PROVIDED INFORMATION:
*****

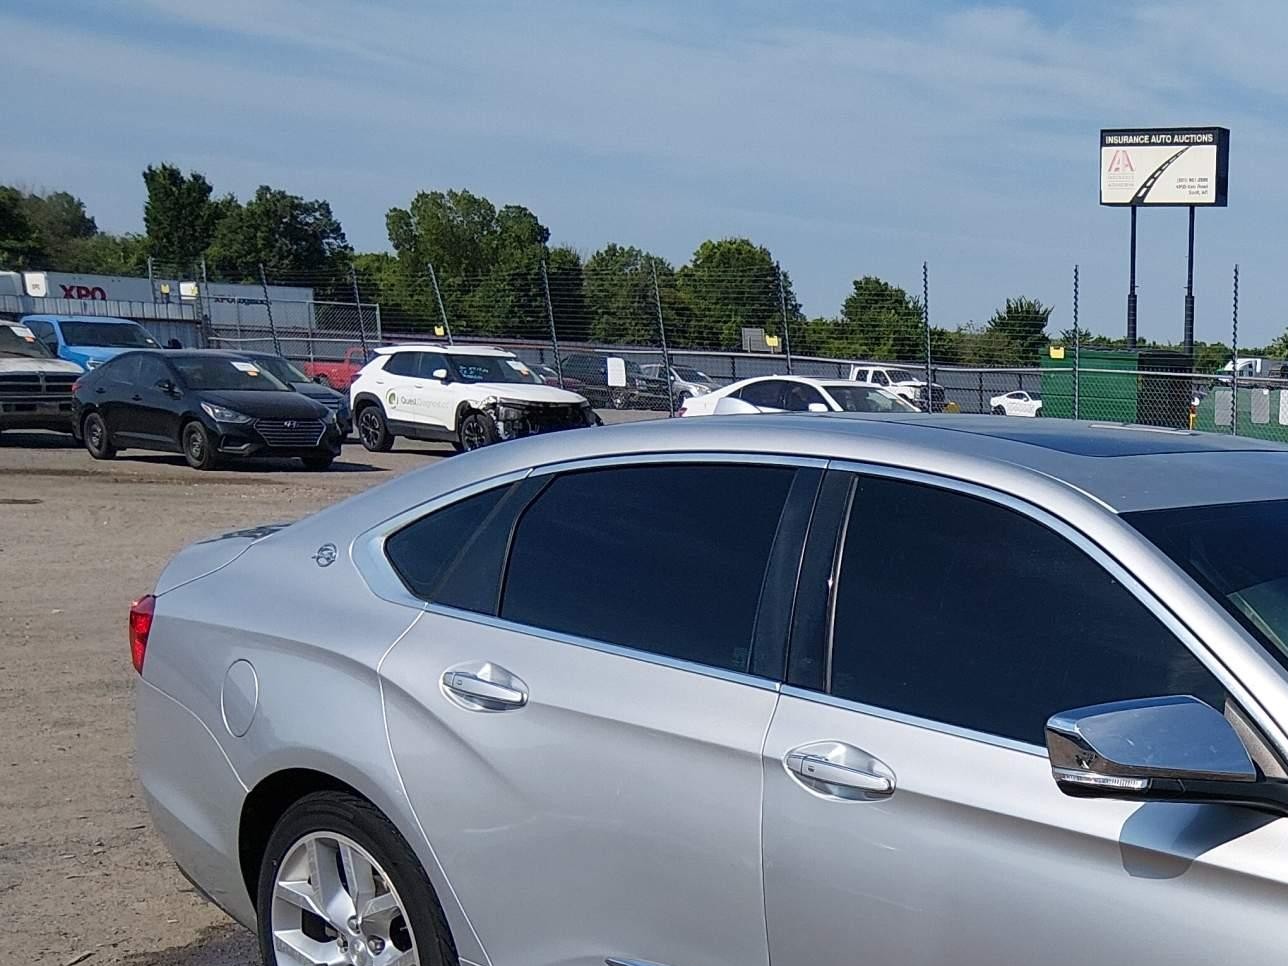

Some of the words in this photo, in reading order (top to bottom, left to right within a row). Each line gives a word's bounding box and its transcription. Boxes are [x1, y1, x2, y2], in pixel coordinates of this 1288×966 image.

[1106, 135, 1149, 144] INSURANCE
[1151, 134, 1172, 144] AUTO
[1174, 134, 1213, 143] AUCTIONS
[59, 284, 107, 300] XPO

*****

WORK ORDER: Copy every record exactly, but skip the pictures.

ANSWER TO THIS PROBLEM:
Some of the words in this photo, in reading order (top to bottom, left to right within a row). Each line gives a word's bounding box and its transcription. Boxes are [x1, y1, x2, y2], in pixel coordinates of this 1288×966 image.

[1106, 135, 1149, 144] INSURANCE
[1151, 134, 1172, 144] AUTO
[1174, 134, 1213, 143] AUCTIONS
[59, 284, 107, 300] XPO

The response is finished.